Hacker News new | past | comments | ask | show | jobs | submit login

Have a repo anywhere?

It's just the same llama.cpp repo everyone else is using. You just git clone it to your android phone in termux and then run make and you're done. https://github.com/ggerganov/llama.cpp

Assuming you have the model file downloaded (you can use wget to download it) these are the instructions to install and run:

pkg install git

pkg install cmake

pkg install build-essential

git clone https://github.com/ggerganov/llama.cpp

cd llama.cpp

make -j


Yeah, I’ve already been running llama.cpp locally, but not found it to perform at the level attested in the comment (30B model as a chat bot on commodity hardware). 13B runs okay, but inference appears generally too slow on to do anything useful on my MacBook.

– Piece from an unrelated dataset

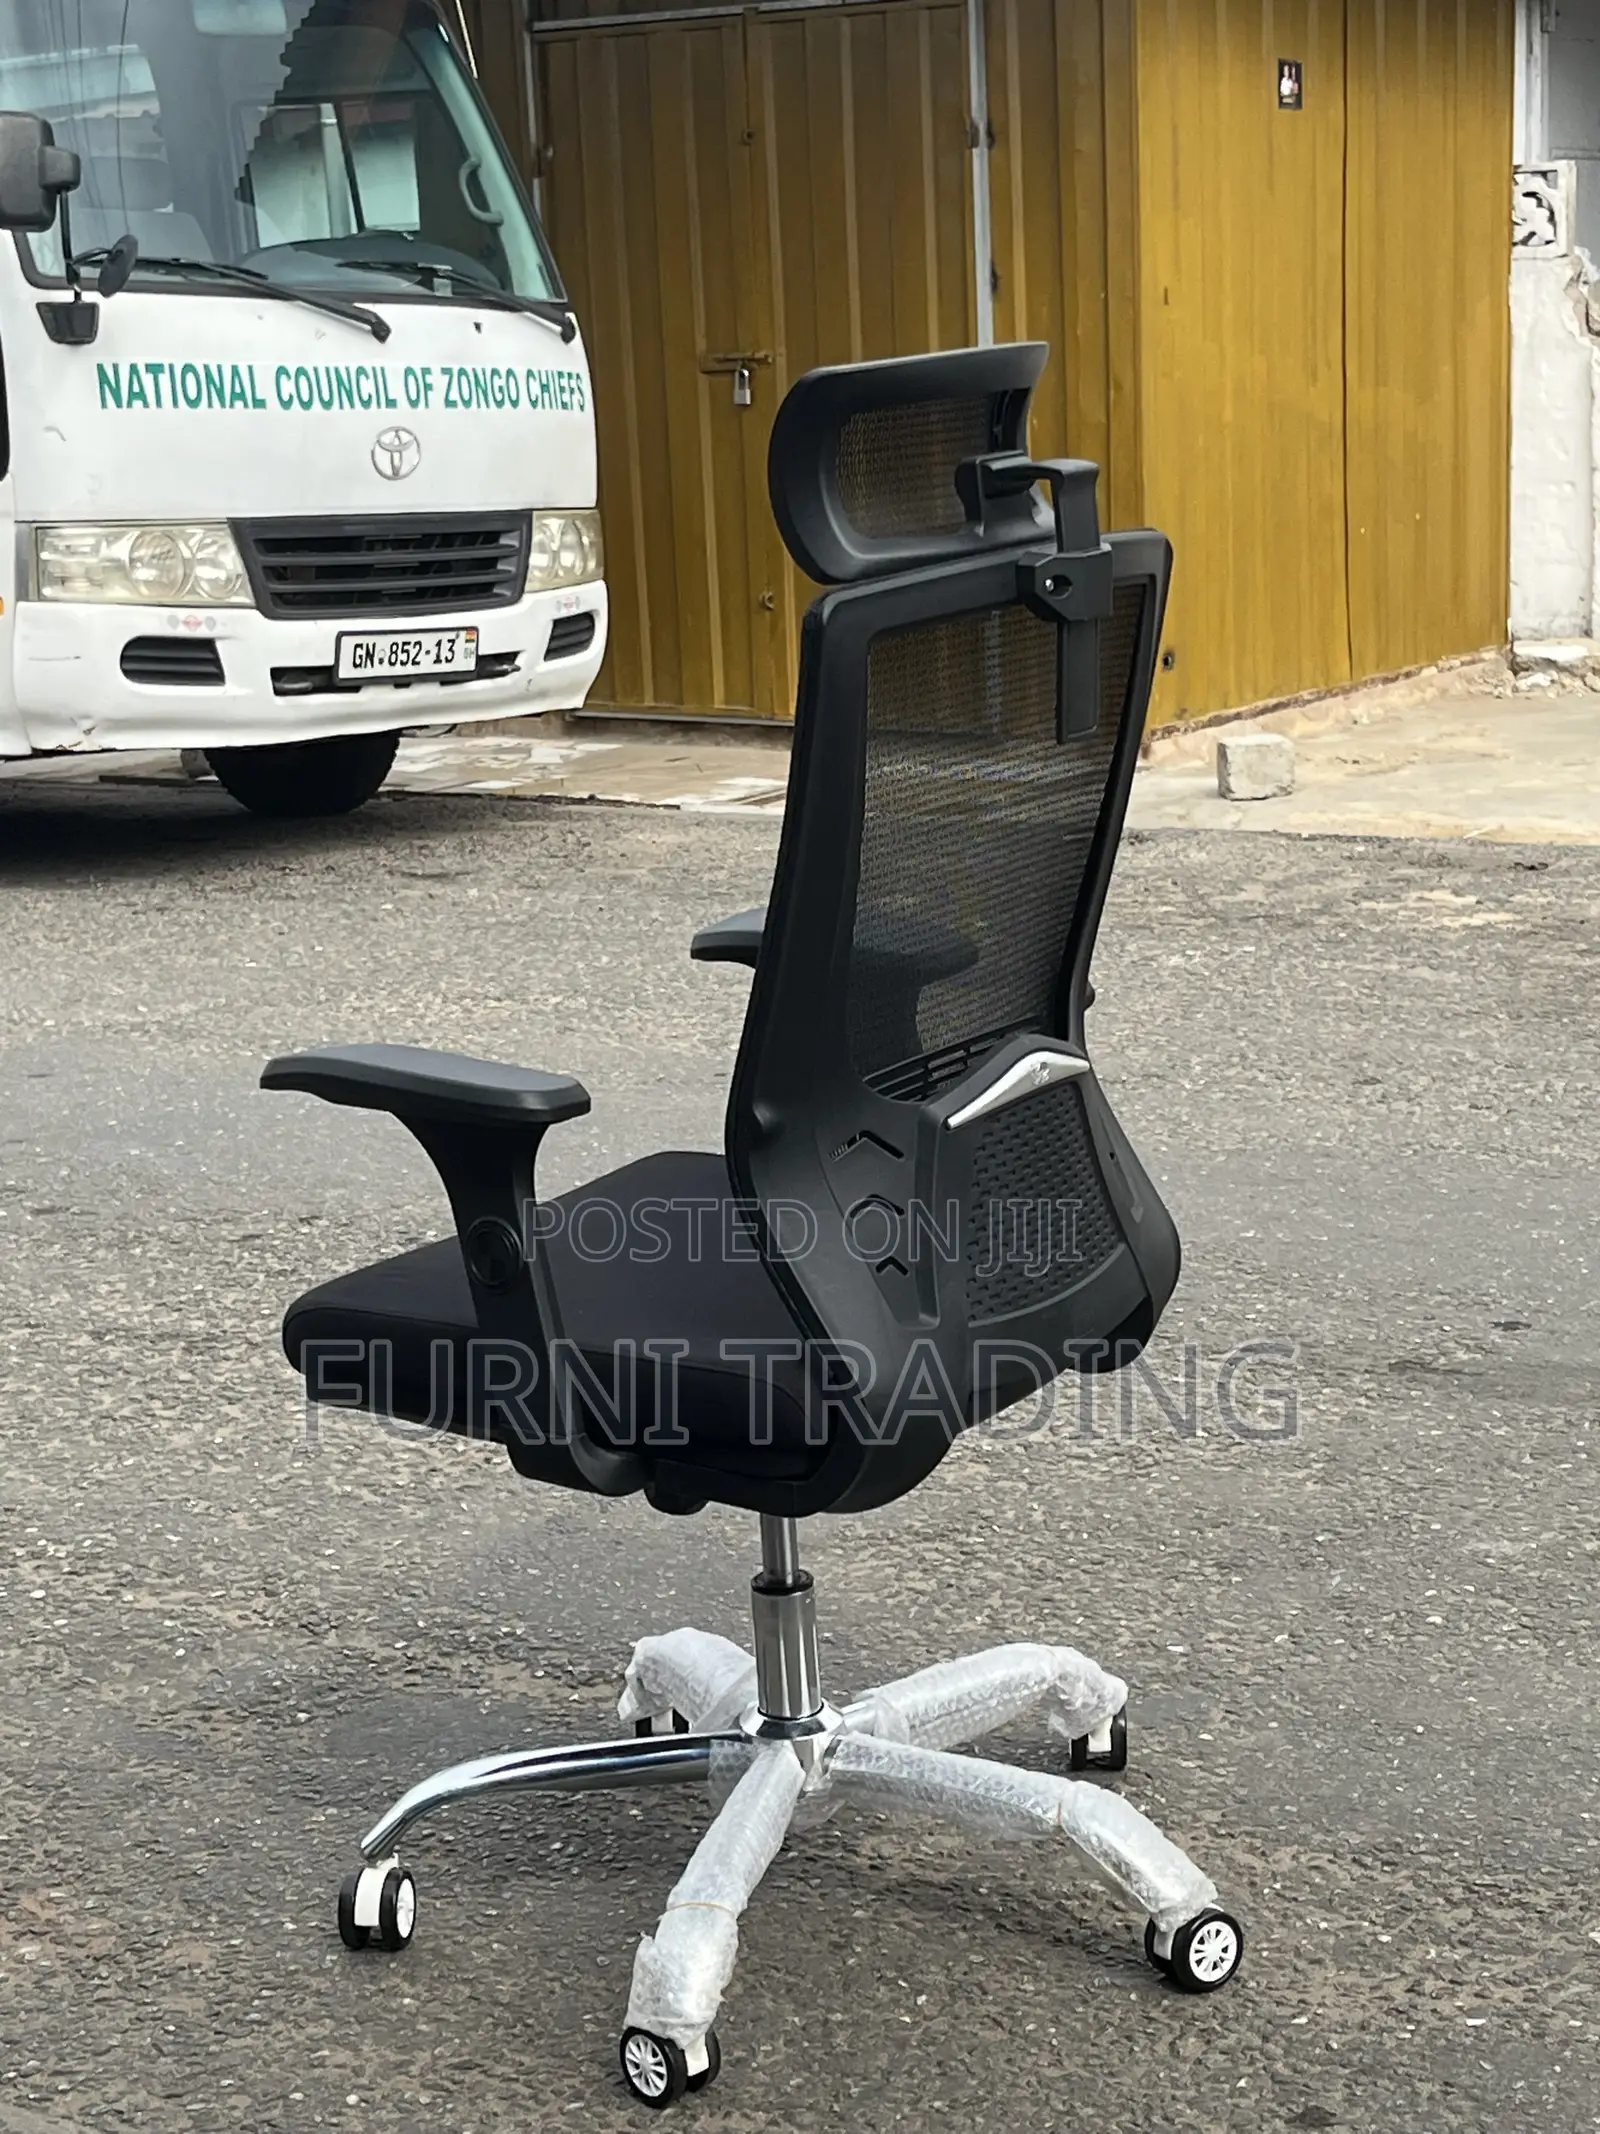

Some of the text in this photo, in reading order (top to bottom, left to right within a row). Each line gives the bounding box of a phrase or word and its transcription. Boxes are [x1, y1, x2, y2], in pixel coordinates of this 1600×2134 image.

I wondered what you might be doing to get usable performance in that context.

You can change the number of threads llama.cpp uses with the -t argument. By default it only uses 4. For example, if your CPU has 16 physical cores then you can run ./main -m model.bin -t 16

16 cores would be about 4x faster than the default 4 cores. Eventually you hit memory bottlenecks. So 32 cores is not twice as fast as 13 cores unfortunately.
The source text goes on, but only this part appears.